**Aim of the exercise:**
Transcribe each entry exactly as it appears, leaving out any picture it holds.

[Stored items]

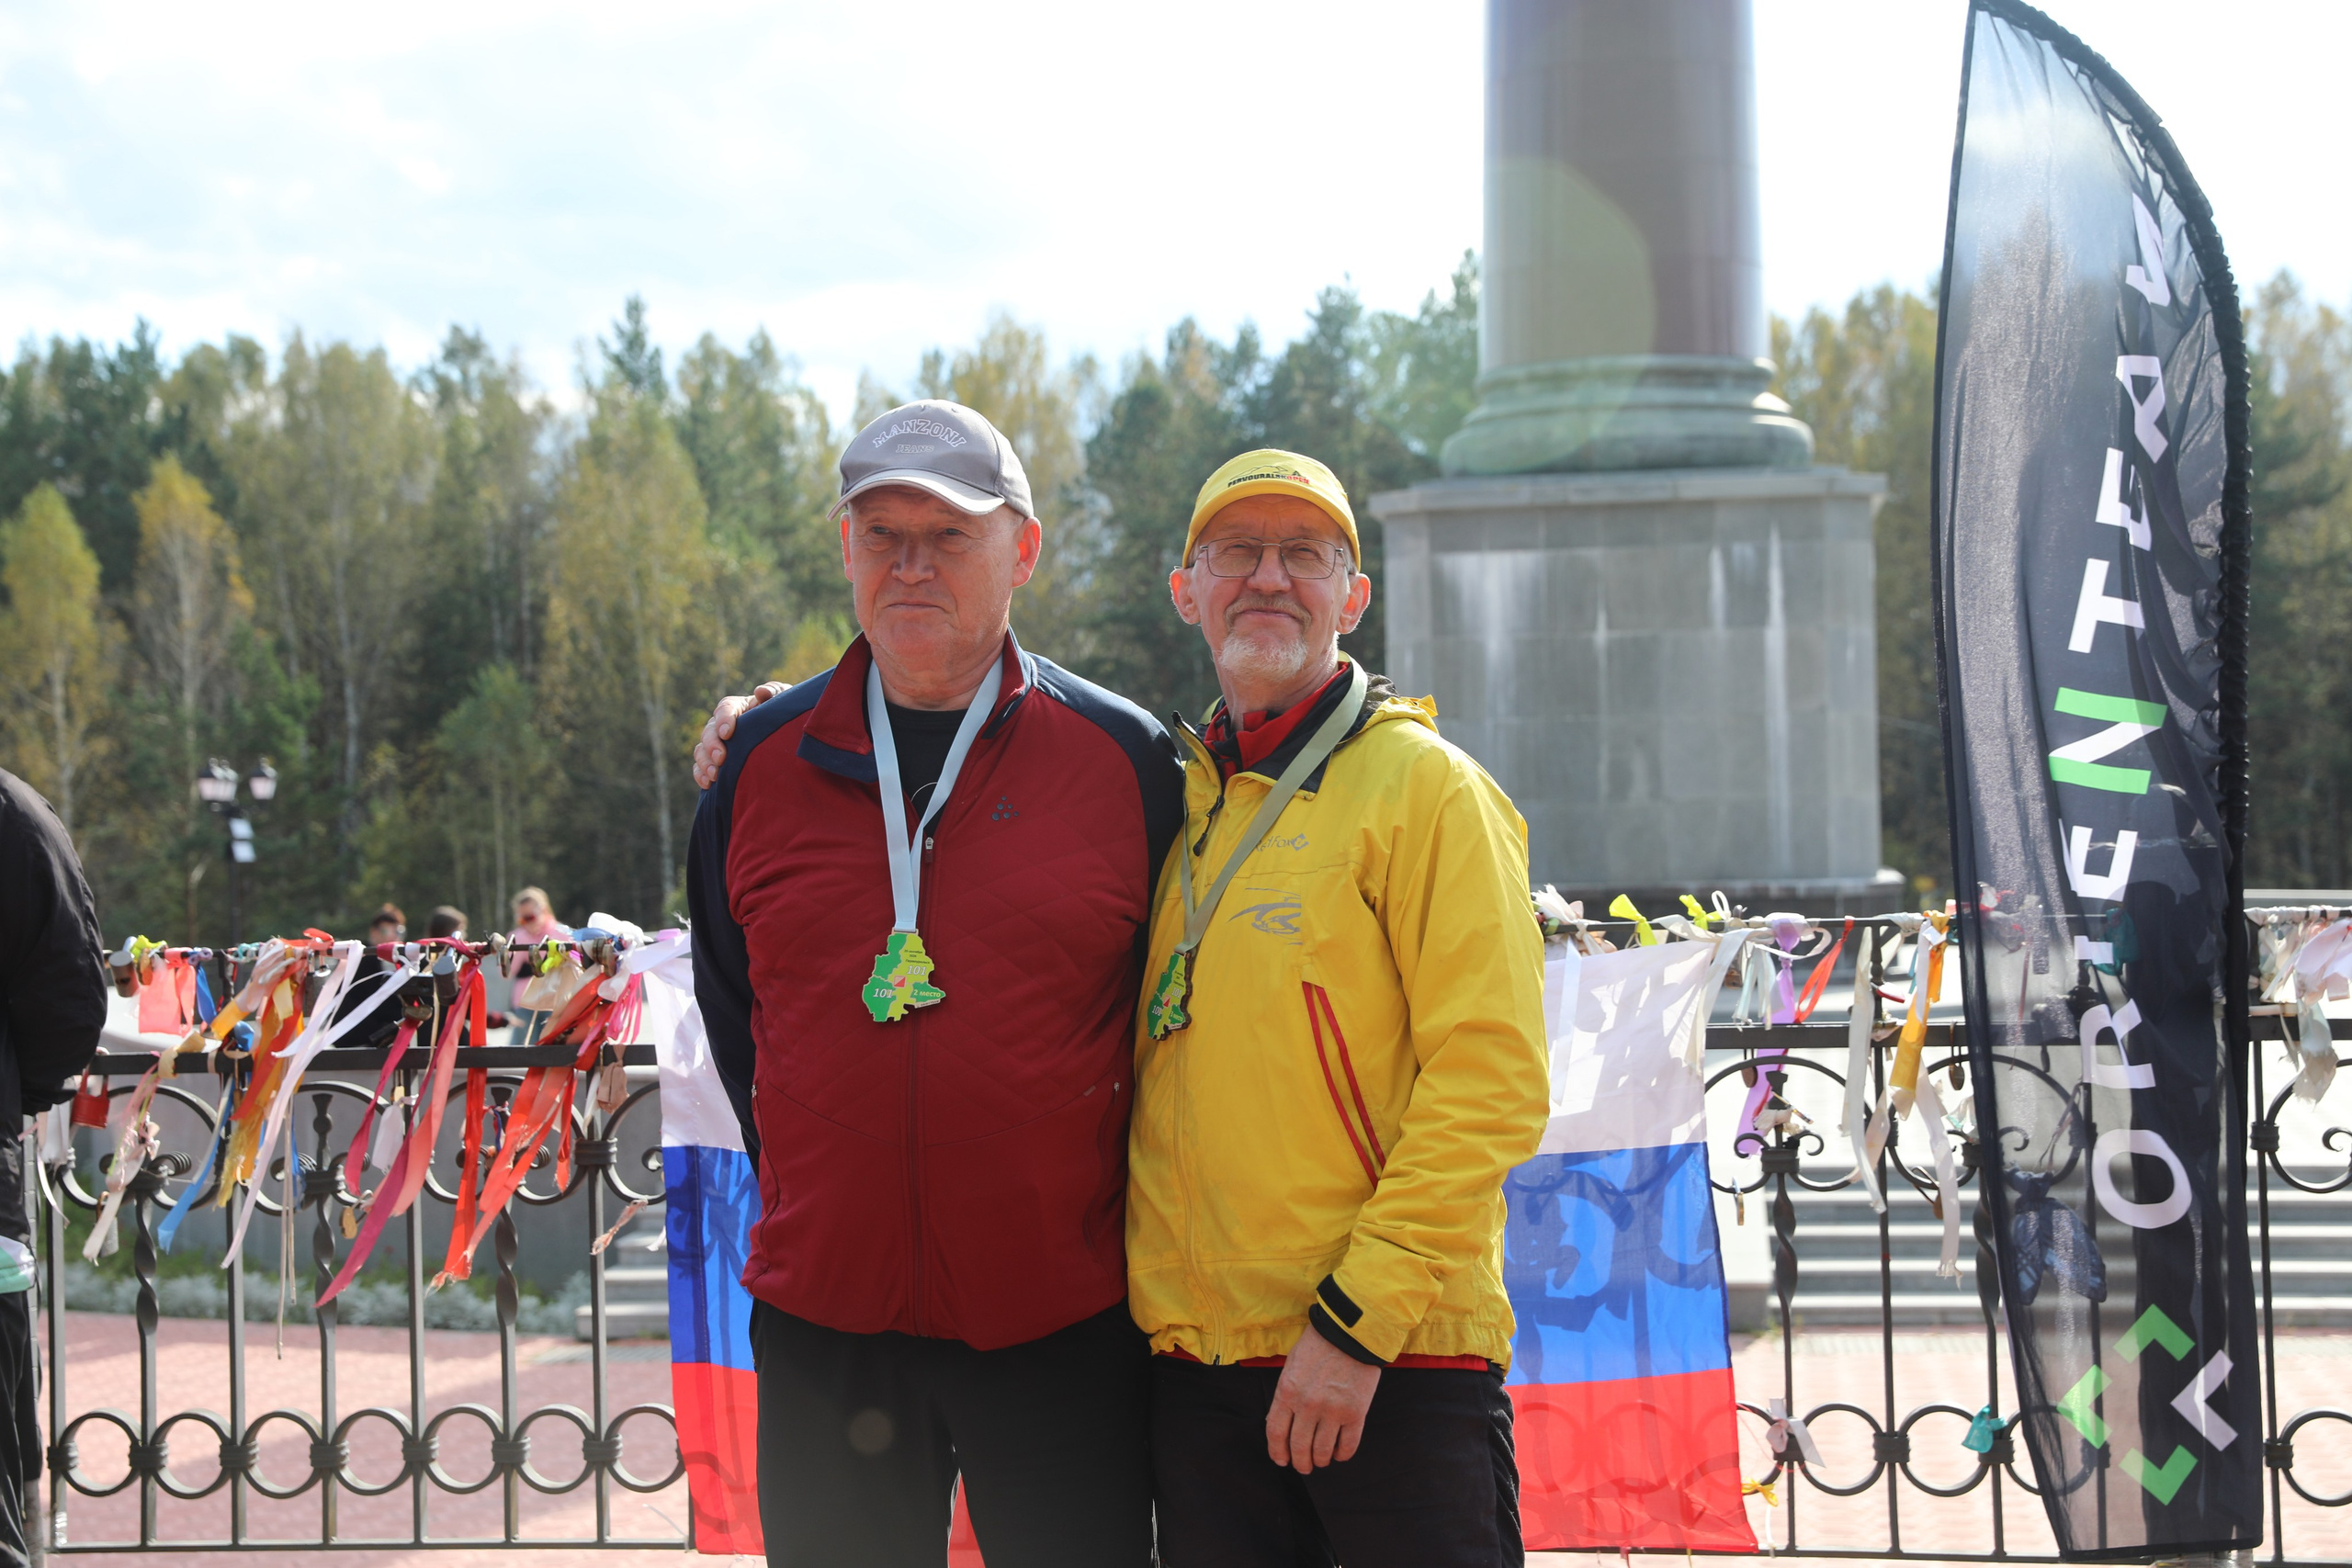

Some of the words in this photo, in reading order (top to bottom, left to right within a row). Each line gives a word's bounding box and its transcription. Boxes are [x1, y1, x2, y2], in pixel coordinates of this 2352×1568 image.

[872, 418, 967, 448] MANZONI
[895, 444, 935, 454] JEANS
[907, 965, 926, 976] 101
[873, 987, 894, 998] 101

**Result for this task:**
Some of the words in this photo, in reading order (top to bottom, left to right within a row). Each line gives a word's bounding box and its transcription. Boxes are [x1, y1, x2, y2], in pixel coordinates of this 2352×1568 image.

[872, 418, 967, 448] MANZONI
[895, 444, 935, 454] JEANS
[907, 965, 926, 976] 101
[873, 987, 894, 998] 101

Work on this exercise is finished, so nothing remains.